====== Information supplied ======

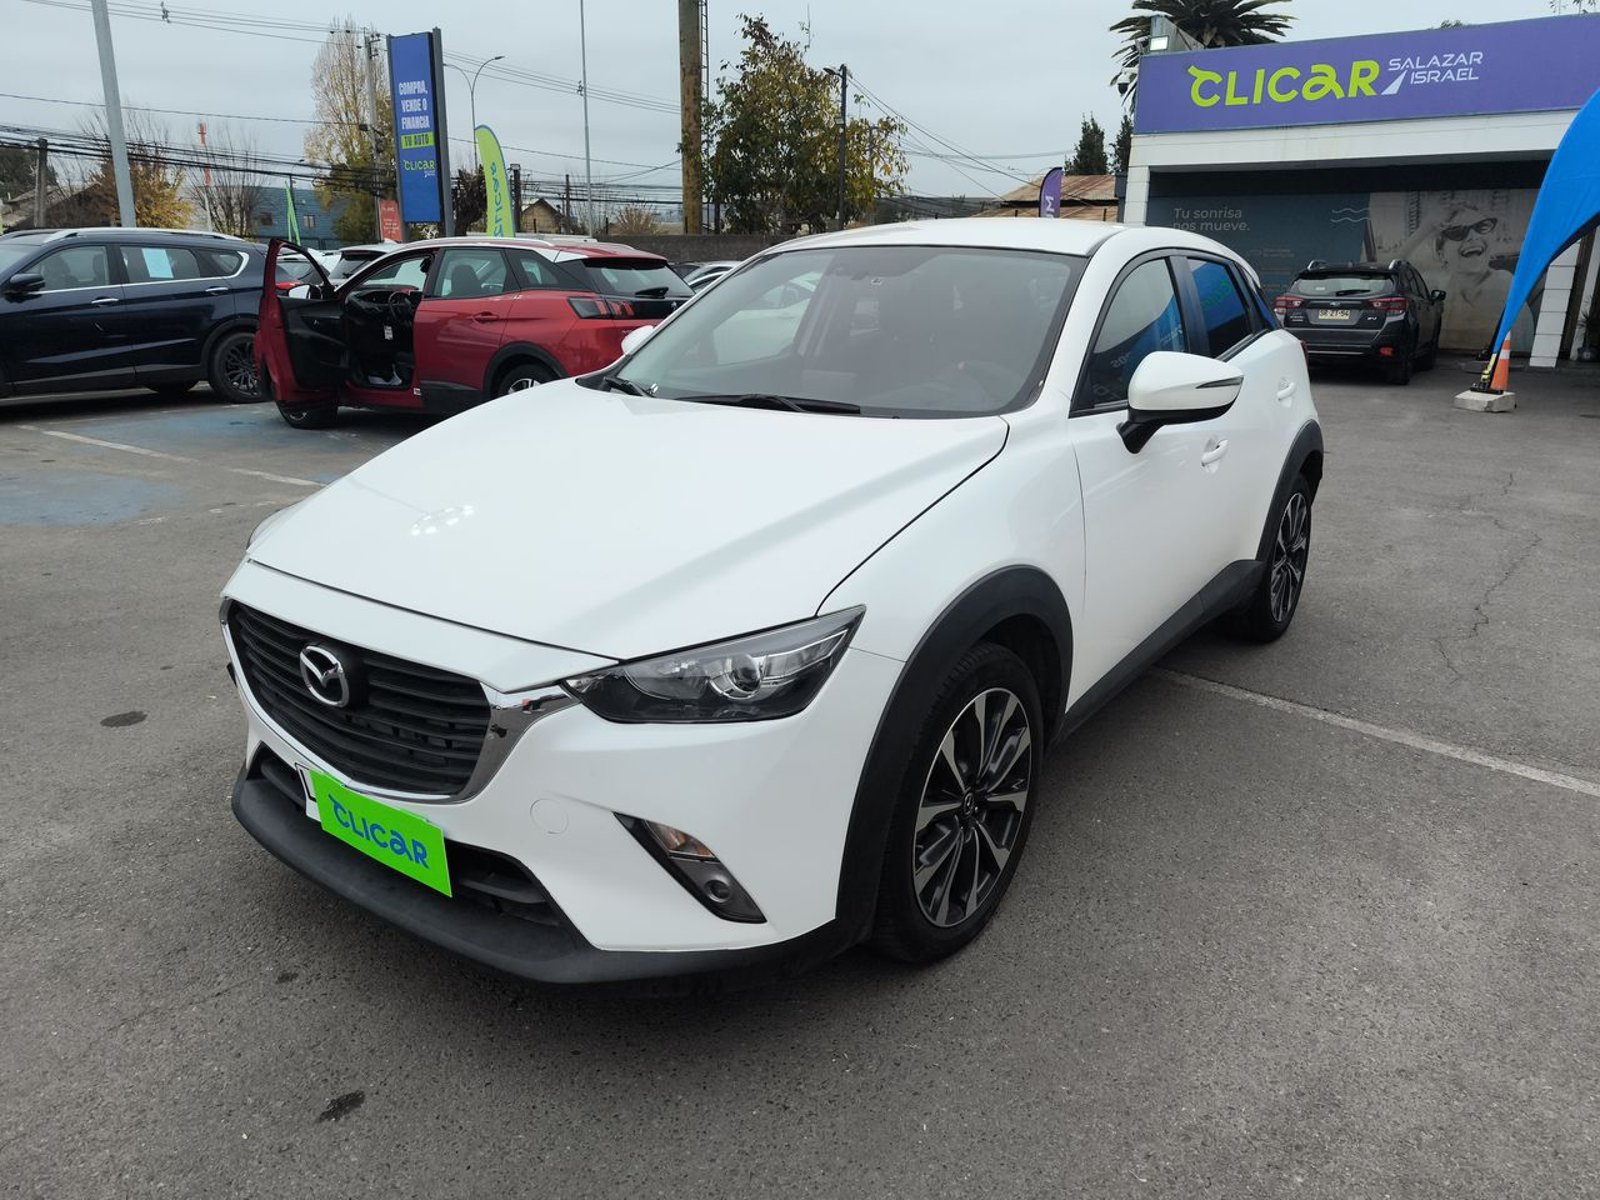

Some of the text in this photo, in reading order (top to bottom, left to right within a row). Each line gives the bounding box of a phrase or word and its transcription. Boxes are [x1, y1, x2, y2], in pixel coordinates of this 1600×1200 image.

[1388, 51, 1484, 71] SALAZAR
[1410, 68, 1480, 84] ISRAEL
[399, 80, 428, 95] COMPRA,
[401, 98, 427, 112] VENDE O
[401, 115, 430, 129] FINANCIA
[1174, 207, 1243, 219] Tu sonrisa
[1173, 221, 1250, 231] nos mueve.
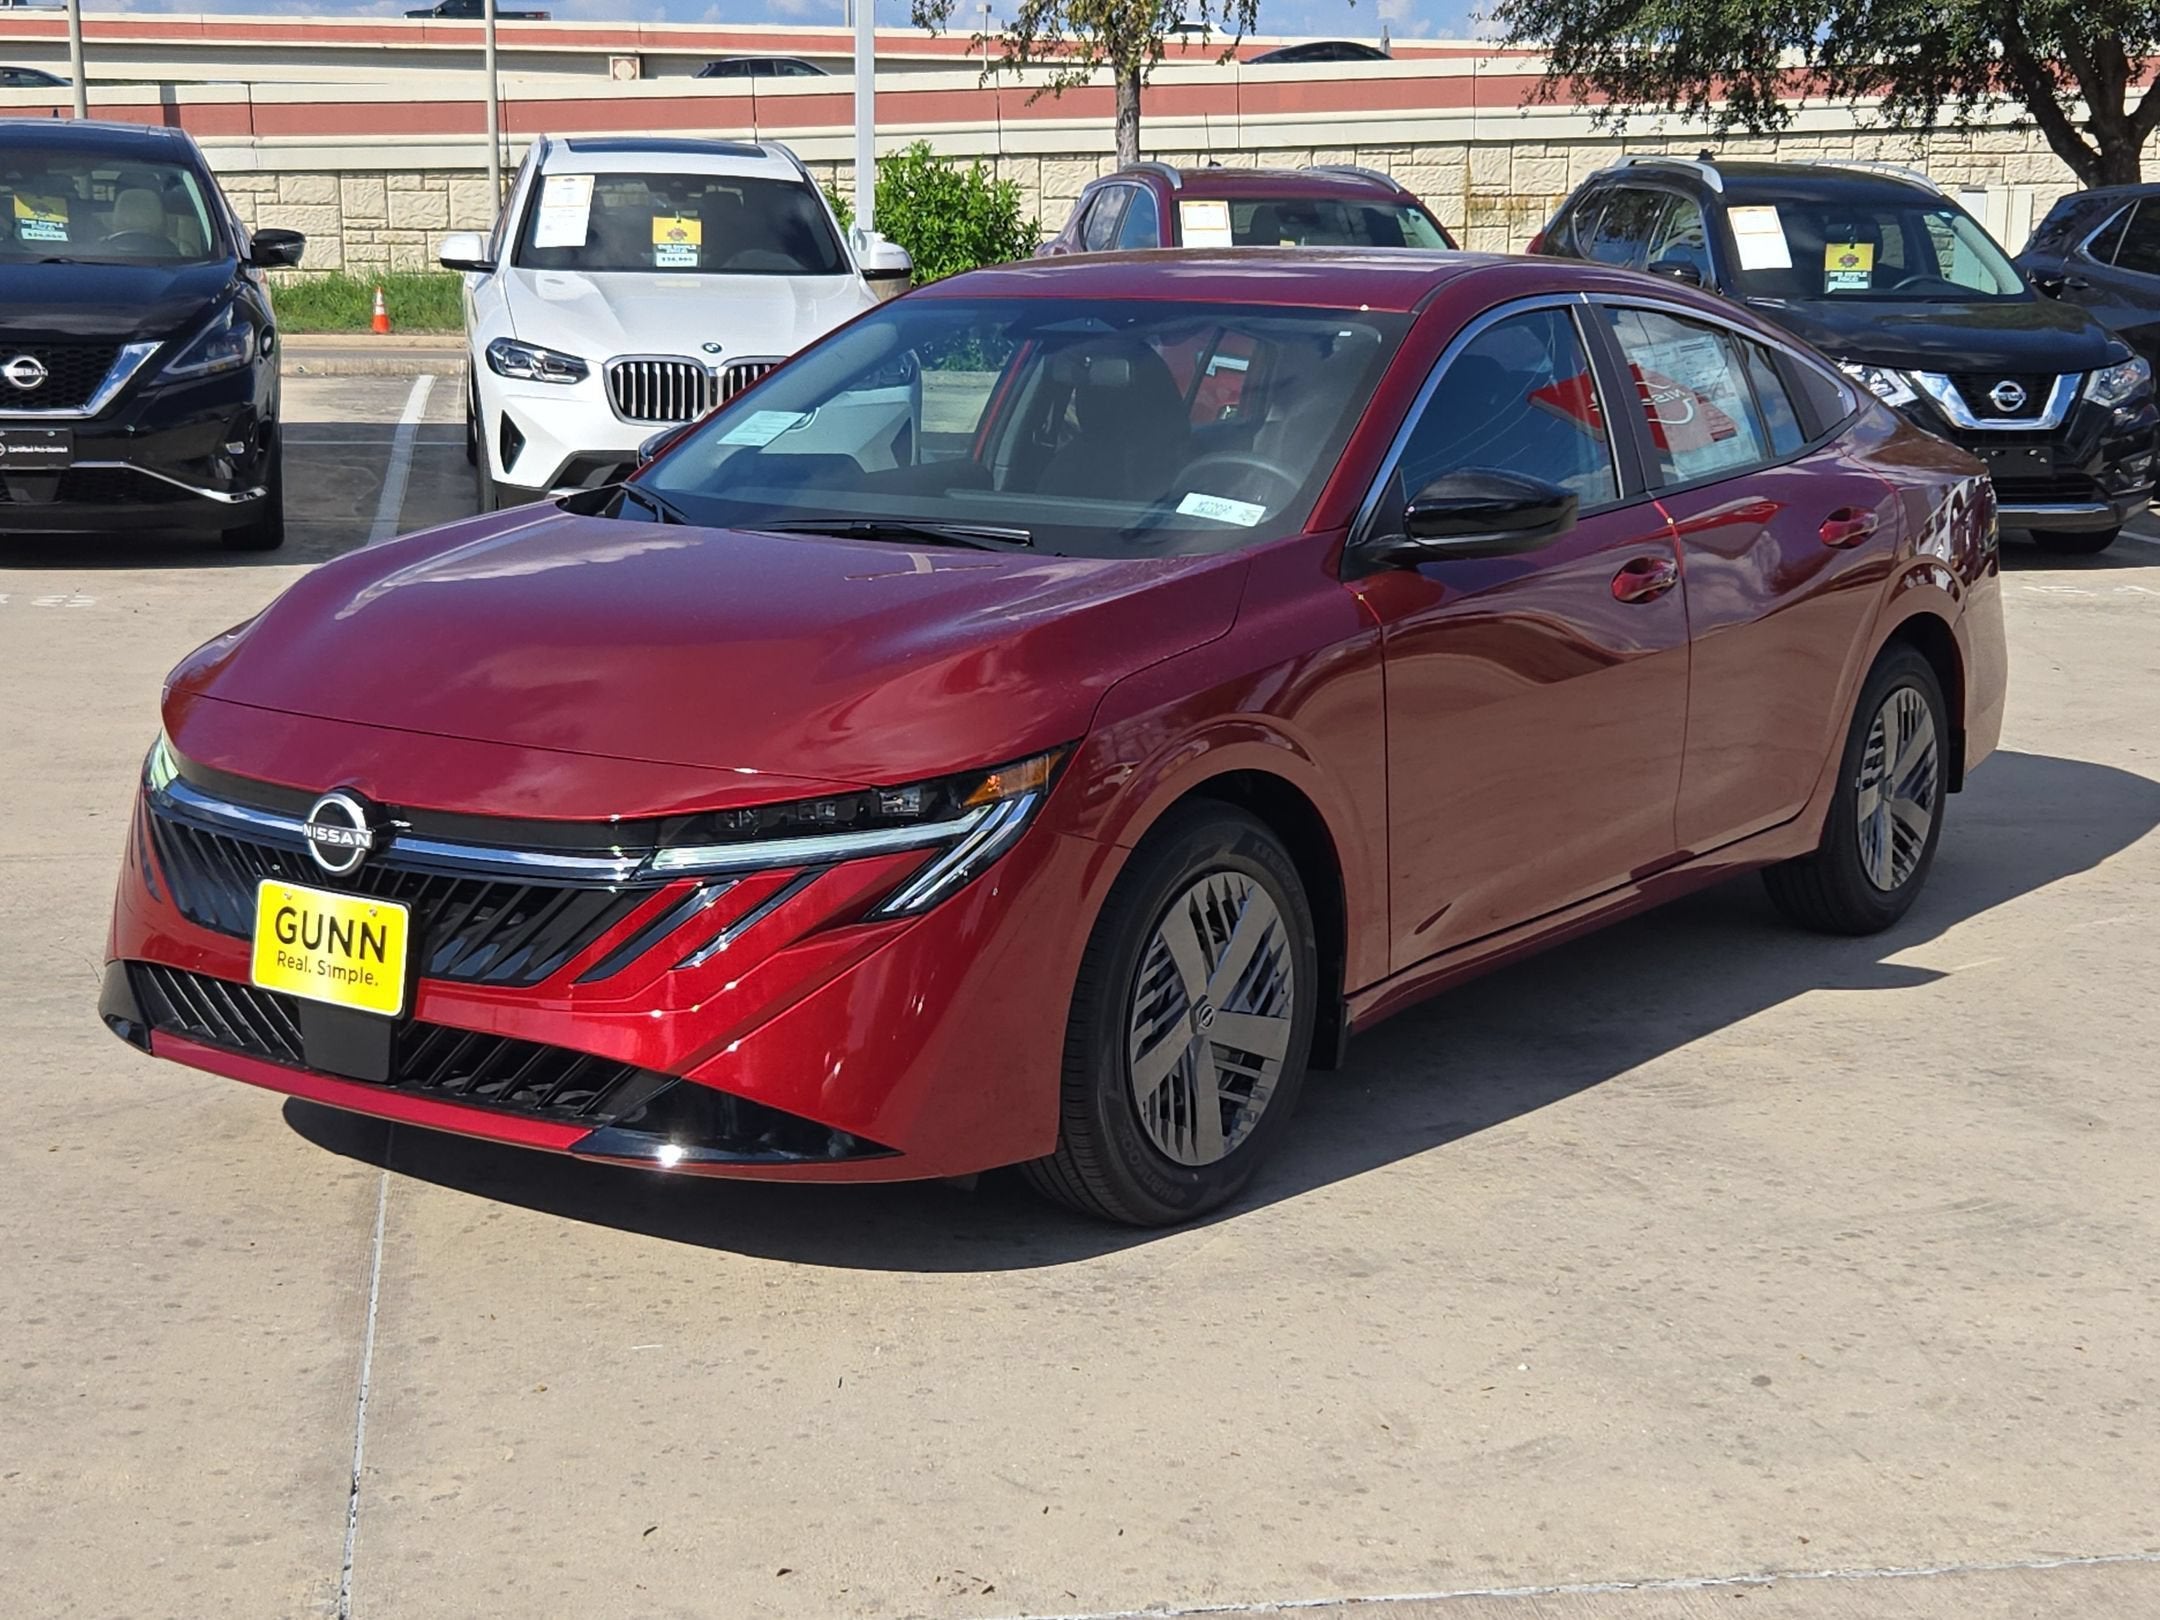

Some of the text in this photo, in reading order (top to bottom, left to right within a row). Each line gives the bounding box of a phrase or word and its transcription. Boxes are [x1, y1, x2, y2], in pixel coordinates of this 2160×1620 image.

[302, 823, 371, 847] NISSAN
[275, 906, 388, 964] GUNN
[277, 950, 379, 986] Real. Simple.
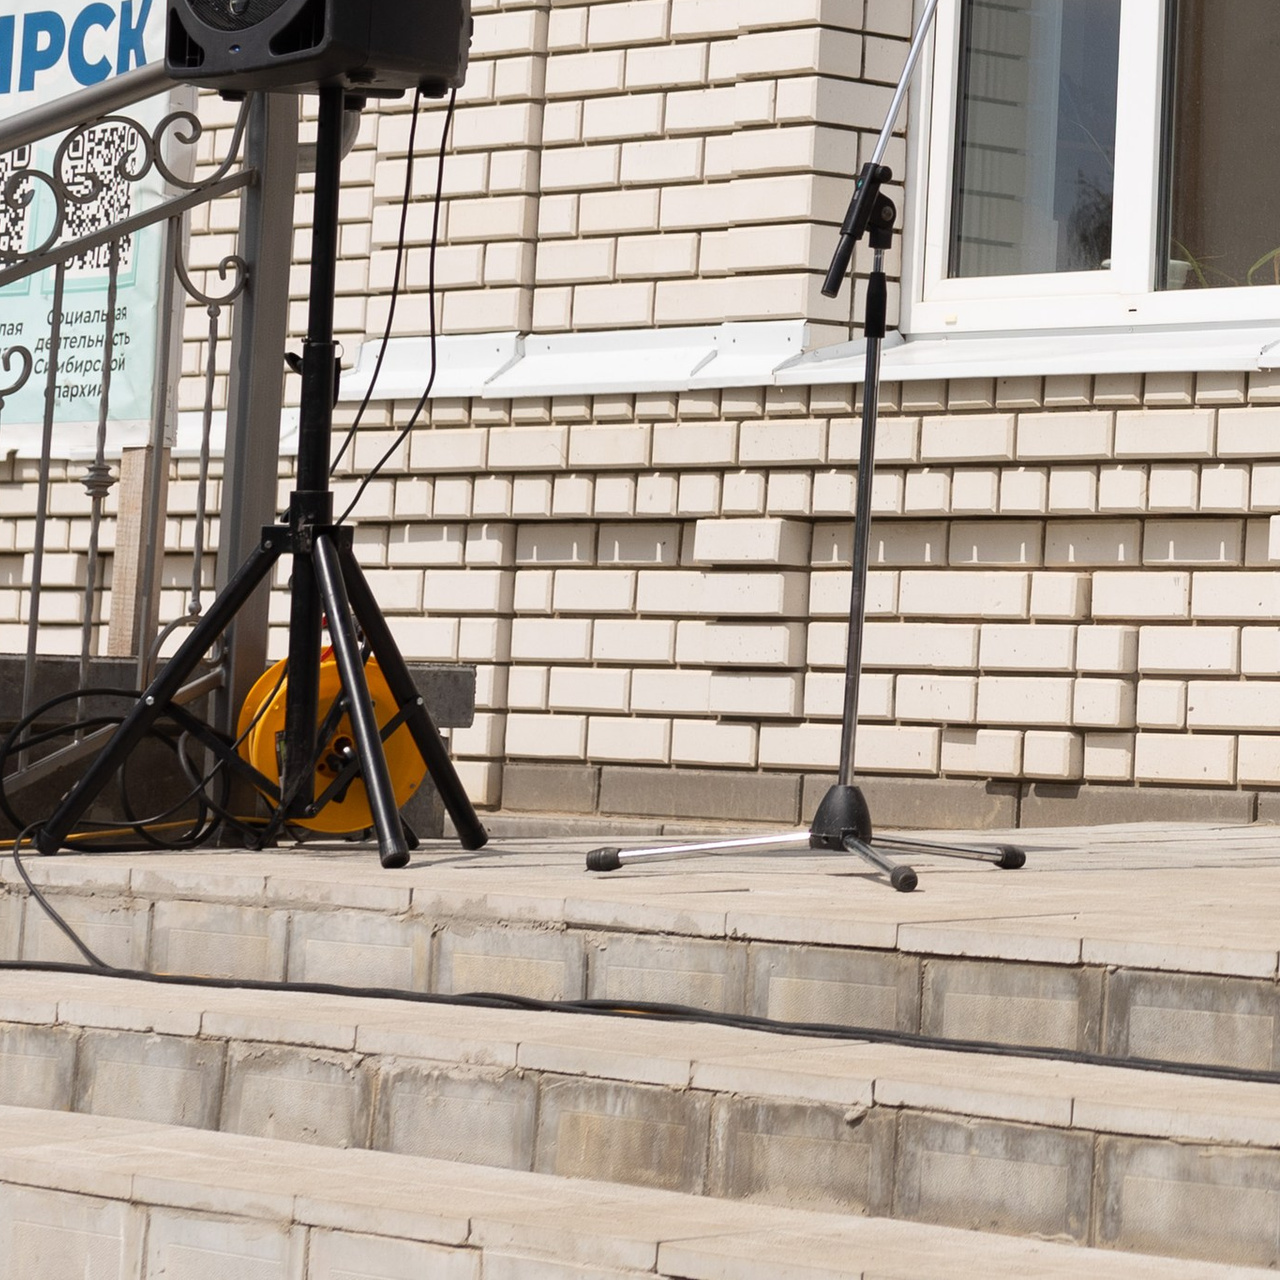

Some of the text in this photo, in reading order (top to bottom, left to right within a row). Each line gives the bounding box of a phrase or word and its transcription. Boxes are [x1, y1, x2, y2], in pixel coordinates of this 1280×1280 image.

======

In the copy, include no pictures; restate the listing above exactly.

Some of the text in this photo, in reading order (top to bottom, left to right within a row). Each line gives the bounding box of a phrase or word and its transcription. Boxes are [x1, y1, x2, y2], in pixel coordinates of this 1600×1200 image.

[1388, 51, 1484, 71] SALAZAR
[1410, 68, 1480, 84] ISRAEL
[399, 80, 428, 95] COMPRA,
[401, 98, 427, 112] VENDE O
[401, 115, 430, 129] FINANCIA
[1174, 207, 1243, 219] Tu sonrisa
[1173, 221, 1250, 231] nos mueve.

Some of the text in this photo, in reading order (top to bottom, left to right within a row). Each line gives the bounding box of a phrase or word and its transcription. Boxes are [x1, y1, x2, y2], in pixel coordinates of this 2160×1620 image.

[302, 823, 371, 847] NISSAN
[275, 906, 388, 964] GUNN
[277, 950, 379, 986] Real. Simple.

Some of the text in this photo, in reading order (top to bottom, left to right within a row). Each line gives the bounding box of a phrase or word and its transcription. Boxes are [x1, y1, x2, y2], in pixel coordinates of this 1280×1280 image.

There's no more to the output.